Так вот он какой, Густав.
Минуло два дня. Станислаус вытряхнул в квашни восемь центнеров[1] отрубей, в результате чего получилось восемьсот ковриг роскошного солдатского хлеба. Выходит, дома они зазря переводили прекрасные отруби, скармливая их свиньям.
После обеда в пыльные окна пекарни застучал дождь. Станислаус забеспокоился: Господи, не будь ко мне так жесток. Мы стали чужими, это верно, но неужто ты только и знаешь, что мстить и мстить? «Вы с ним заодно?» — спросил в парке глухой голос.
Под вечер дождь пошел на убыль. Господь двинул свои тучи в какое-то другое место, будто говоря: «Наша милость полагает, что этого довольно. Немножко мы его все же помучили». Станислаус нисколько не сомневался, что с самоуважением у Господа Бога все в порядке.
Во время дождя все цветы, и в первую очередь нескромная сирень, придерживали свои ароматы. Они приберегали их для лунного света и ночных бабочек.
Разве ночной мотылек Станислаус искал в парке ароматные грозди сирени? Нет, он ничего не искал, он шел наверняка. И вдруг остановился, благодарный судьбе за то, что она решила немного смилостивиться над ним. Он присел на камень, вдохнул аромат сирени, и благословил жизнь, и возлюбил ее.
Скамейка оказалась пустой, но сомнение еще не закралось в него. Он ждал. Он слышал, как били часы на башне, и считал капли ночного дождика у себя на тыльной стороне ладони. Станислаус заснул.
Он проснулся, и отчаяние потоками дождя хлынуло на него. Неужели такое возможно? Все пошло прахом. Все нити порваны! Неужто он и в самом деле просто молодой человек, с которым можно заключить сделку, которого можно приручить, чтобы он не был в тягость? Неужто он просто хвастливый, ничтожный крестьянин, который всем и каждому показывает свои жалкие сбережения, чтобы хоть что-то собой представлять?
Небо в эту ночь разыгрывало свой спектакль! Оно напустило луну на странствующего подмастерья пекаря, измученного, одинокого, он сидел в городском парке, не зная, что ему с собой делать. Когда его слезы потускнели, как давеча капли дождя, упавшие с дерева ему на ладонь, он вскочил со скамейки и пробормотал:
— Если ему нужна вода, то много ли он с меня возьмет? — Он имел в виду Бога. Станислаус плюнул на землю так, словно хотел разом выплюнуть все подступающие к горлу слезы. Затем дважды обошел вокруг березы, похлопал рукой по коре и сказал: — Ты крепко здесь корни пустила, да!
Два дня он пребывал в задумчивости, так что даже Густаву это надоело.
— Другие молодые люди ходят подтянутые, маршируют, а ты, если взглянуть на это диалектически, просто с ног валишься.
Станислаус справился со своей бедой. Он, как ныряльщик, долго пробывший под водой, вновь увидел мир. И поймал на себе быстрый взгляд Густава, еще глубже надвинувшего на лоб свою припорошенную мукой шляпу.
— Что ты за человек?
— Немножко земли, немножко воды, чуточка ветра.
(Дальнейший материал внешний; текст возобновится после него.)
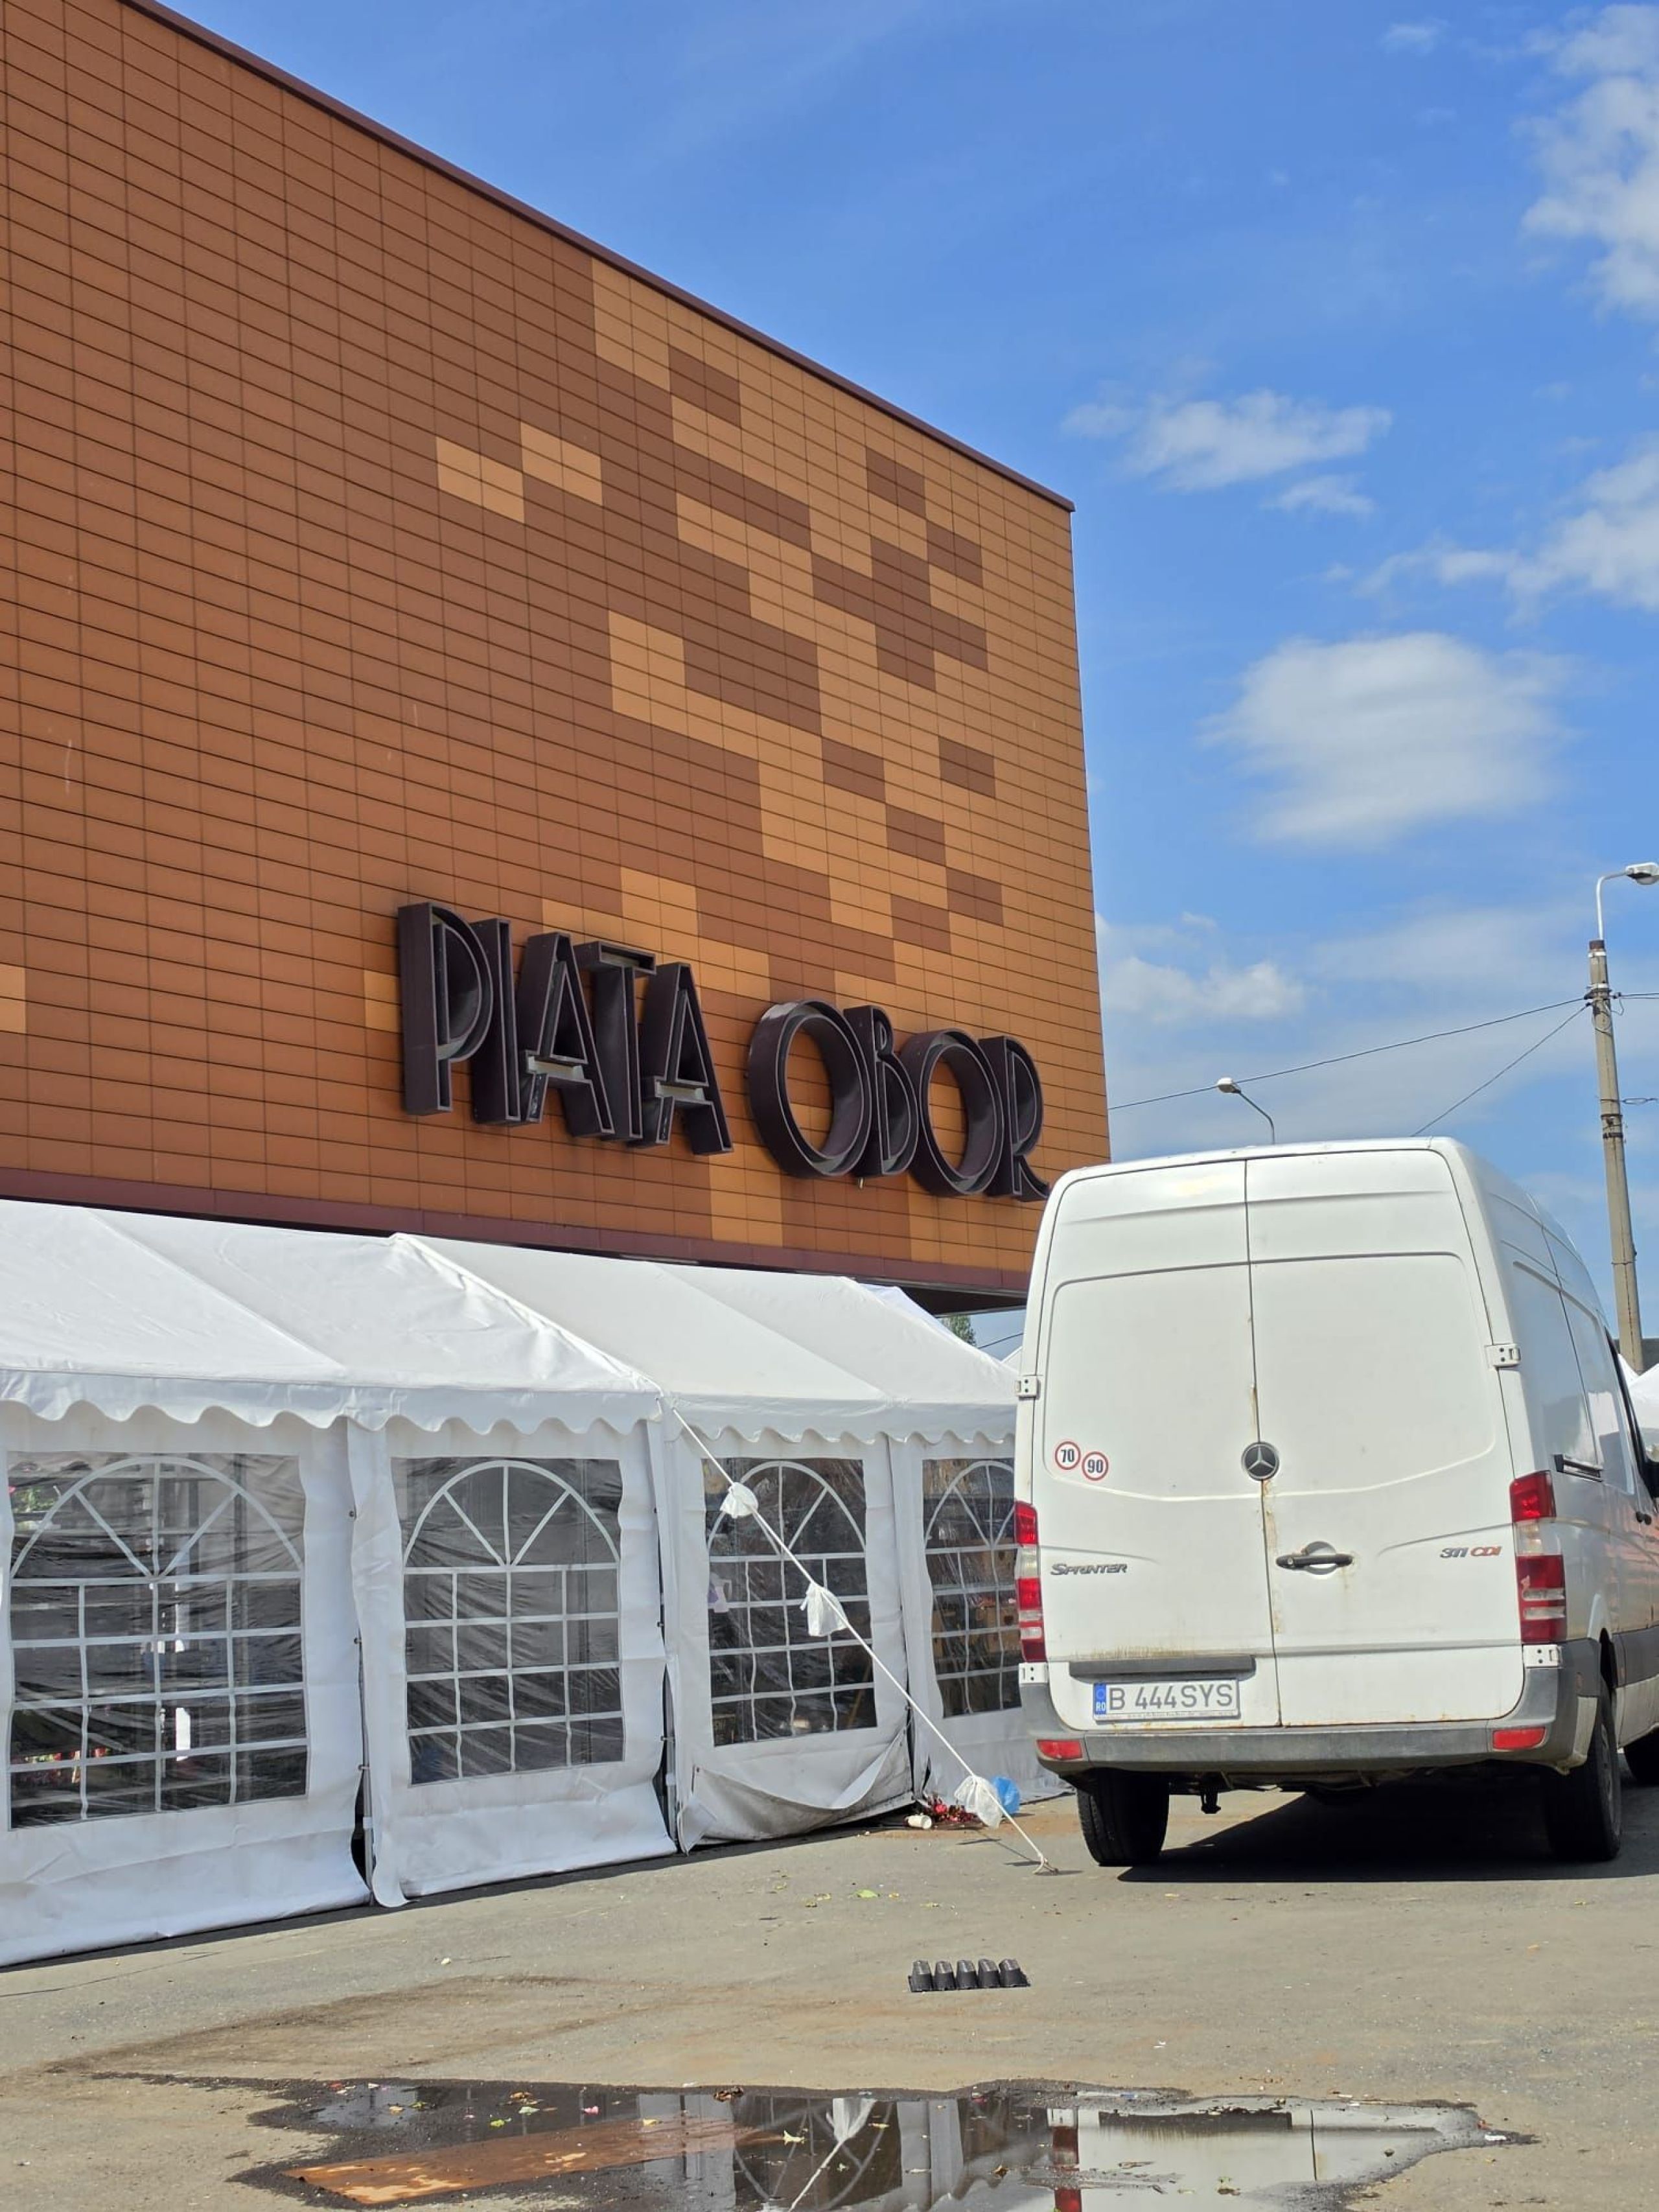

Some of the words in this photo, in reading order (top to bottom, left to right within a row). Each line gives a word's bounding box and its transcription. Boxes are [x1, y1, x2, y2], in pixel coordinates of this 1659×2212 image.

[398, 902, 732, 1156] PIATA
[747, 999, 1049, 1202] OBOR
[1060, 1448, 1074, 1463] 70
[1087, 1459, 1104, 1474] 90
[1470, 1546, 1502, 1557] CDI
[1109, 1687, 1126, 1710] B
Густав, этот шишковатый белый гриб, смерил Станислауса недоверчивым взглядом.
— Мы с каждым днем должны, как говорится, жить все лучше, но тебя, похоже, это не касается. Весь мир трубит марши, а ты в одиночестве пиликаешь на скрипочке.
Тощими пальцами Густав попробовал, готово ли тесто.
— Не каждый же рождается трубачом.
Тут Густав опять сдвинул со лба свою шляпу и посмотрел на Станислауса как Наполеон из хрестоматии.
— Ты не думай, что я вякаю, как они выражаются. Фюрер, надо тебе сказать, великий человек. Он все перекроит и ничего не упустит. Вот теперь он освободил мою жену от работы на фабрике. Вся работа мужчинам? Как же так? Адольф, если смотреть диалектически, человечный человек.
Тут у Станислауса нашлось что сказать, не настолько уж он заигрался на скрипке:
— Твоего жалованья подмастерья хватает на двоих?
Густав разозлился:
— У тебя разумения не больше, чем у ребенка, ведь теперь нам, если взглянуть диалектически, стало лучше: у моей жены есть теперь время латать мои одежки! Но ты не смеешь так нехорошо говорить о фюрере, запомни это!